Longitude: -3.9359 / 3°56'9"W

OS Eastings: 262868.03159

OS Northings: 71067.017579

OS Grid: SX628710

Mapcode National: GBR Q6.HGRD

Mapcode Global: FRA 27NP.0GW

Entry Name: Two cairns with cists E of Whiteworks tin mine buildings

Scheduled Date: 1 January 1900

Source: Historic England

Source ID: 1002592

English Heritage Legacy ID: DV 729

County: Devon

Civil Parish: Dartmoor Forest

Traditional County: Devon

Lieutenancy Area (Ceremonial County): Devon

Church of England Parish: Holne St Mary the Virgin

Church of England Diocese: Exeter


Two round cairns with cists 750m and 925m NNE of Childe’s Tomb and E of Whiteworks tin mine buildings.

Source: Historic England


This record was the subject of a minor enhancement on 11 November 2015. This record has been generated from an "old county number" (OCN) scheduling record. These are monuments that were not reviewed under the Monuments Protection Programme and are some of our oldest designation records.

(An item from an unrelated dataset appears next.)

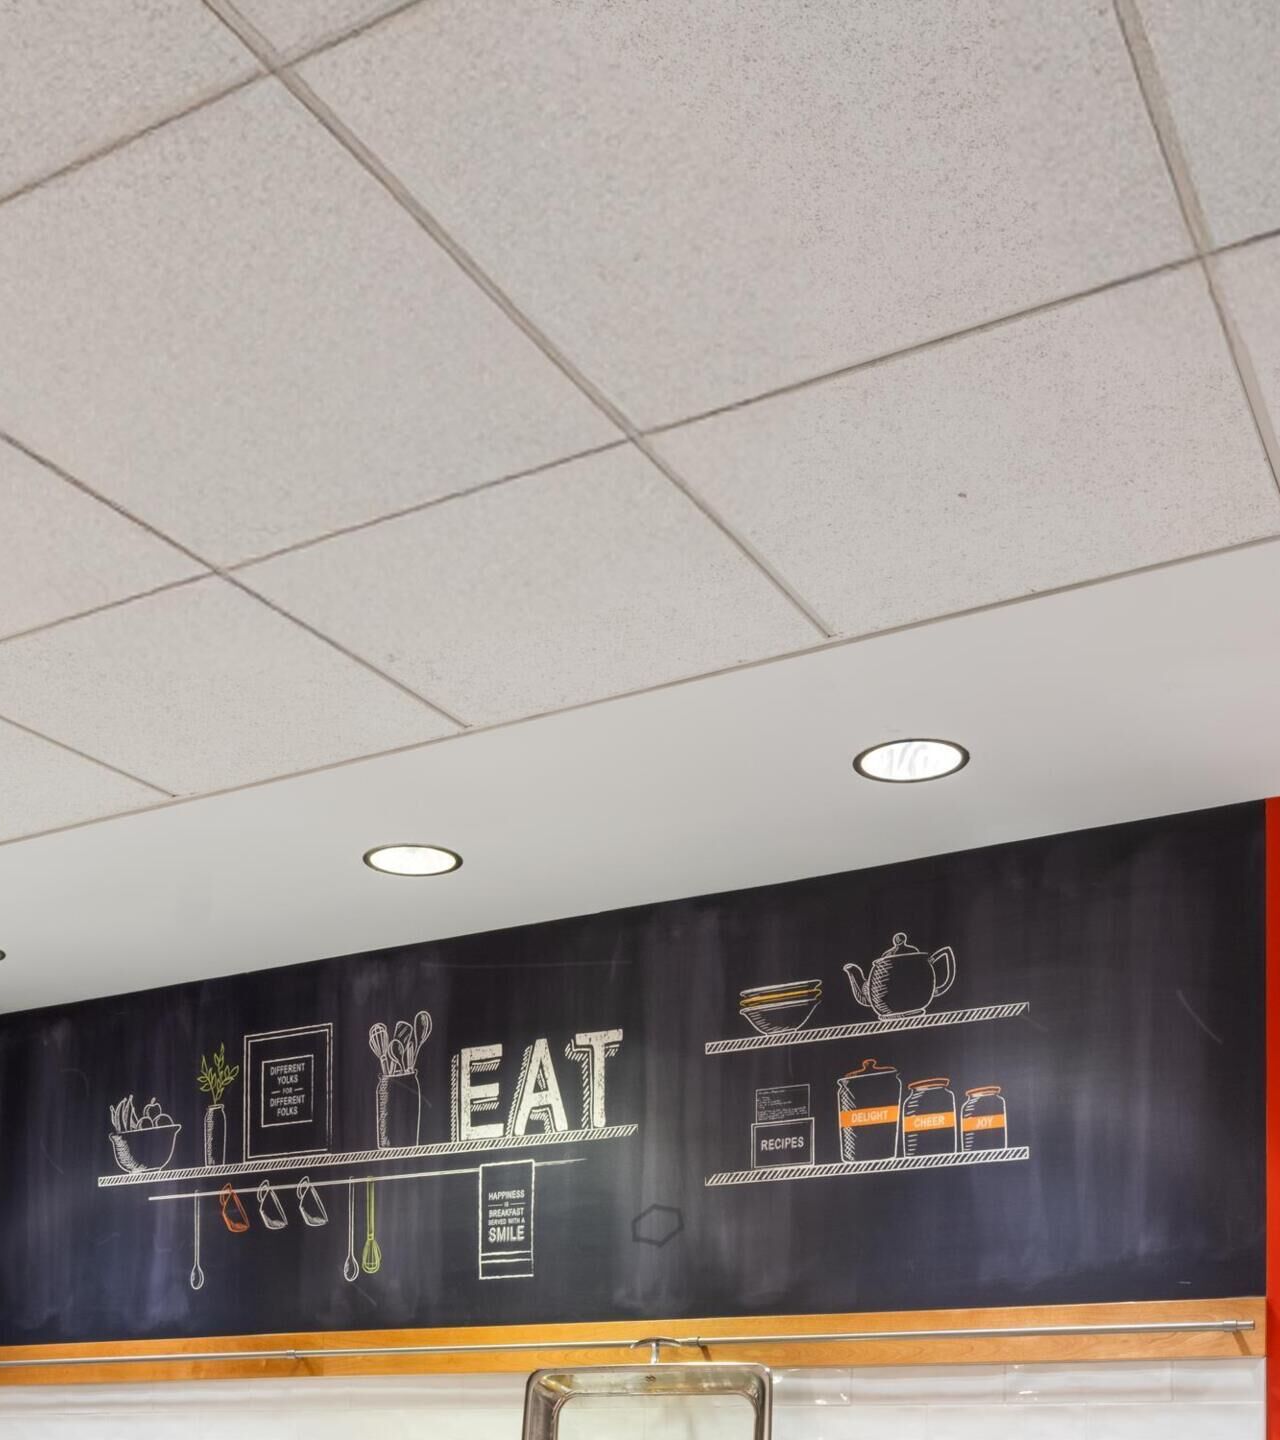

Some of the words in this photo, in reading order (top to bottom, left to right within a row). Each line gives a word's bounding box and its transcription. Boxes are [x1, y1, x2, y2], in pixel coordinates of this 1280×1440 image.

This monument which falls into two areas includes two round cairns with cists situated on the lower north-west facing slopes of Ter Hill overlooking the River Swincombe as it exits Foxtor Mires. The northern cairn survives as a circular stony mound which measures up to 4.6m in diameter and 0.3m high. It contains a cist measuring up to 1.2m long by 0.5m wide with its coverstone displaced to the north east and resting over one corner. This cairn was partially excavated by Mr Burnard in 1904, the soil within the cist was removed but no artefacts were recovered just a stone wedged in its base. The southern cairn survives as a circular stony mound measuring up to 5m in diameter and 0.3m high. This cairn contains a cist which measures up to 1.3m long and 0.6m wide. There is no coverstone and early partial excavations again by Mr Burnard found a broken beer bottle and showed that earlier excavations had removed one side of the cist causing it to collapse.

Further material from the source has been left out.